The Gathering Place
A Midwesterner learns to love the food of her childhood by sharing it with her kids.
Make lasting food memories with friendly midwestern cooking.
My husband and I decided that our West Coast days had run their course. Though my career flourished during our 13 years in Los Angeles and San Francisco, in October 2015, we felt an undeniable shoulder tap from the universe telling us it was time for a big change. We wanted our two little Californiaborn children to grow up in the central states, as we both had.
So, with an exciting job offer in hand for him—and for me, some concern that by settling in the Midwest, I would lose any cool quotient I had in the food world I worked in—we moved to Chicago. We moved to be close to family and friends, to increase our hot dog intake and to give our kids more seasons and less exposure to kale. The first Thanksgiving and Christmas that we didn’t have to buy plane tickets to visit family was magical. I also found myself looking at food here, and particularly heartland baking, in a whole new light.
When I left for California at
25, my culinary interests hadn’t yet found me. As a midwestern mutt, with everything from German and Scandinavian to Irish, Greek and Italian heritage, I thought of my upbringing and all the food we ate as fun and delicious, but never as anything particularly interesting. The inventiveness of the California food scene did little to elevate those early food memories.
Still, I felt the old-school cravings. As the empty moving trucks pulled away from our new home in Illinois, the distant familiarity I’d longed for became real life. I unpacked our boxes and thought about what I wanted my kids’ childhoods to be.

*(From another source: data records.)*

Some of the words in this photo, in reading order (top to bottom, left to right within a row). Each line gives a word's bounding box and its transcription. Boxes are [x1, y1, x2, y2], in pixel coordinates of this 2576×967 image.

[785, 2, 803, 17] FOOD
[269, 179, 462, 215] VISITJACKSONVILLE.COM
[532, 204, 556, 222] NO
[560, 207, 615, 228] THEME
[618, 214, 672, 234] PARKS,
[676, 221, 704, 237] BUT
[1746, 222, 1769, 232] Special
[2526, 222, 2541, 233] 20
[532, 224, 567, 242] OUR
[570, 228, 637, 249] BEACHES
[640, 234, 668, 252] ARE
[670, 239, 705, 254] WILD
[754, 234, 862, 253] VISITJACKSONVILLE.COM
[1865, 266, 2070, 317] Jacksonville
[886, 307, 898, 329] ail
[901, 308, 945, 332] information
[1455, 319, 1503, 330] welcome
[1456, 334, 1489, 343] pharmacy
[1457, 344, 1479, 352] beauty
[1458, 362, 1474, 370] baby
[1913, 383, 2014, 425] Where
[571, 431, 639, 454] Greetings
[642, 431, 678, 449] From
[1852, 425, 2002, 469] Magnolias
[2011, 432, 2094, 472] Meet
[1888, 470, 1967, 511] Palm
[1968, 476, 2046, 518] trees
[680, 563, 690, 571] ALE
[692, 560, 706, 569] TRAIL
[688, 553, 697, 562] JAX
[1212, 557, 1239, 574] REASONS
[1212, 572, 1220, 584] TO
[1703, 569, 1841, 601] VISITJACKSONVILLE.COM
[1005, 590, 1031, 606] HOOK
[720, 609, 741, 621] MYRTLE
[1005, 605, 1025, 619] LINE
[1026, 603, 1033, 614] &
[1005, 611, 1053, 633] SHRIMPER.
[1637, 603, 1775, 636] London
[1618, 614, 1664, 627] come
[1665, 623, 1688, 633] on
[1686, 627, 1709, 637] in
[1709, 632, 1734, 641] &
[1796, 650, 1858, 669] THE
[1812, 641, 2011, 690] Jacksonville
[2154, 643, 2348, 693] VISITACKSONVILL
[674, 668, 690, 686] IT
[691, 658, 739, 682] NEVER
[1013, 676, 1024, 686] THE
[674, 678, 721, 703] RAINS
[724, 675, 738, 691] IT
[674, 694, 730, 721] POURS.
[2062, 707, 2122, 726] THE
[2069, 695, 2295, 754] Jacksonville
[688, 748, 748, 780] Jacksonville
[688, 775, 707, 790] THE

Since then, it’s been a mission of sorts to pull meaningful meals and sweet treats from the oven— dishes that have a connection to the new life we’re building here as a family. I want to pepper these new heirloom recipes with the vast array of cultural influences that have long been part of the story of this region—the funky quilt of ethnicities that make up not only our cuisine, but our actual DNA. Most of all, I want my children to have detailed, active food memories and a deep appreciation for this place, something I never gained while I was growing up.

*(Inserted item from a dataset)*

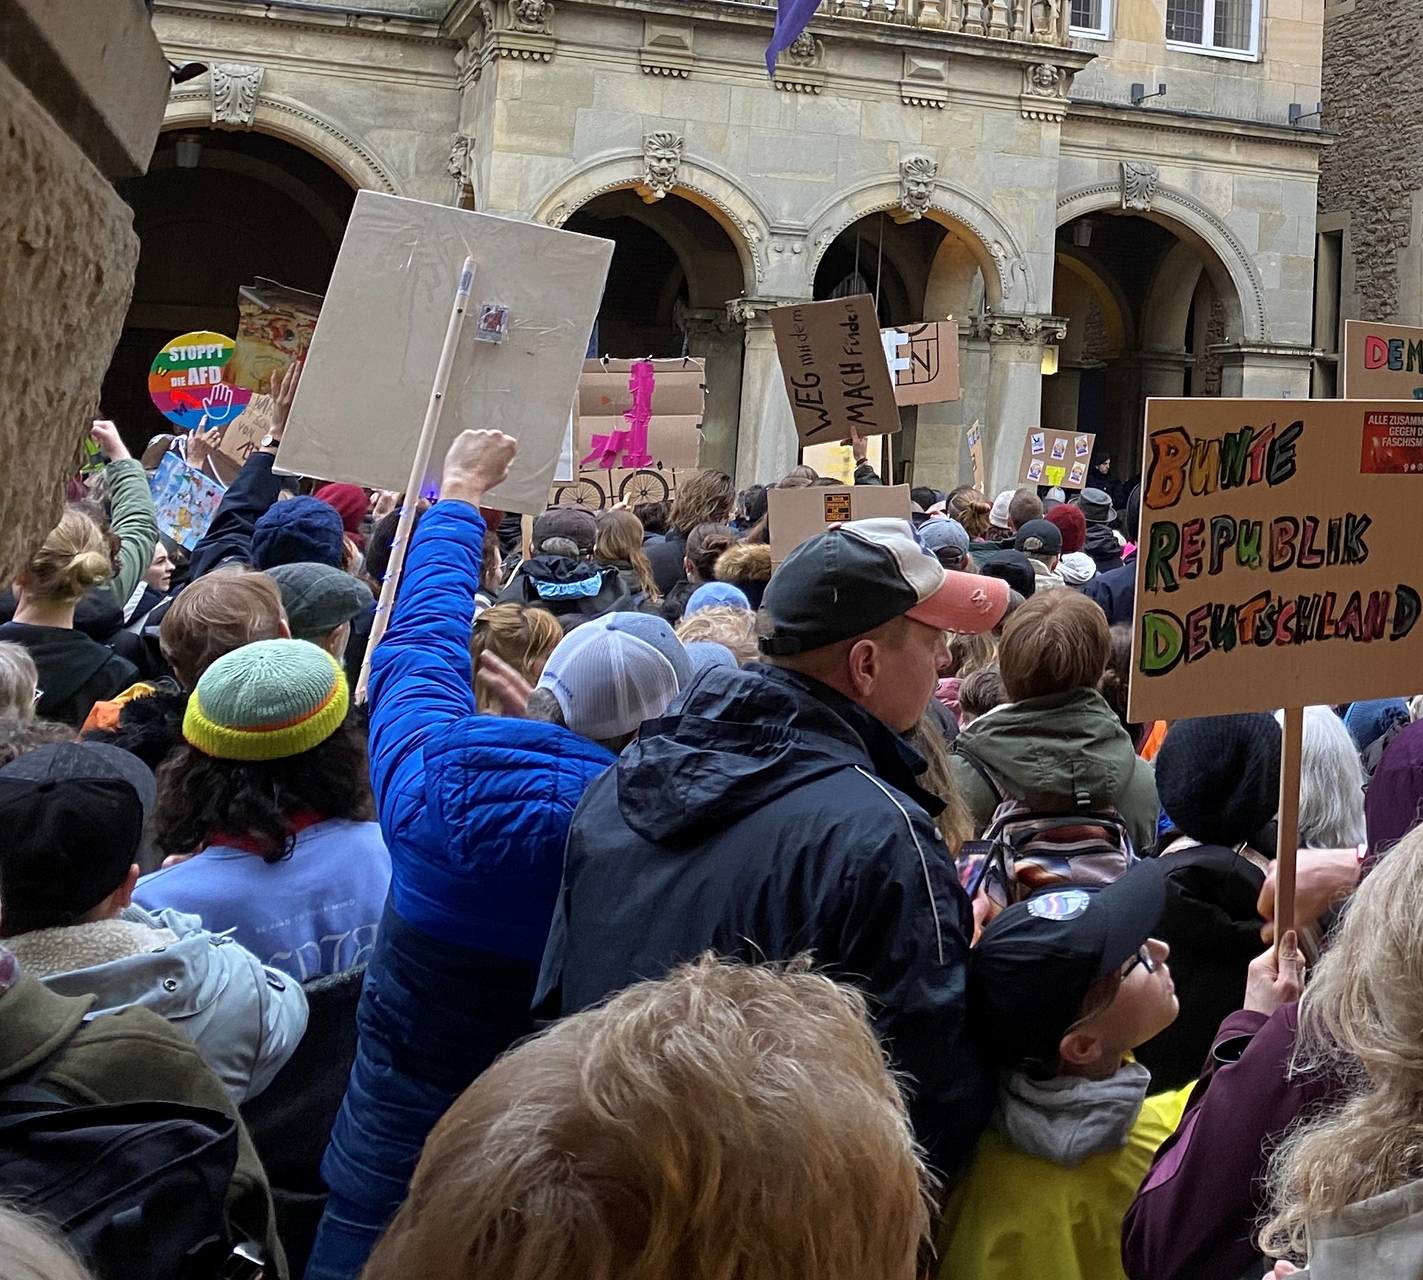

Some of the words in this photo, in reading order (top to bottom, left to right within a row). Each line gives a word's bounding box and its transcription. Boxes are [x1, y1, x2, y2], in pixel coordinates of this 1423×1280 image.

What I love about Midwest baking is that the goal isn’t to smack you in the face with bizarre ingredients and fancy, impressive techniques. Instead it celebrates the creative use of pantry staples, a people-pleasing
approach that will simply never go out of style.
There’s a thread of flavor that runs through cooking and baking here, and often it’s found in the marriage of butter and flour. This is food that yields to the tooth. It’s friendly, like the Midwesterners who wave you ahead of them in the grocery line, or strangers readily exchanging recipe ideas over a market bin of early-season cherries, saying, “After a long winter and cold spring, isn’t it great to see cherries again?” To me, these are some of the most nourishing things in life.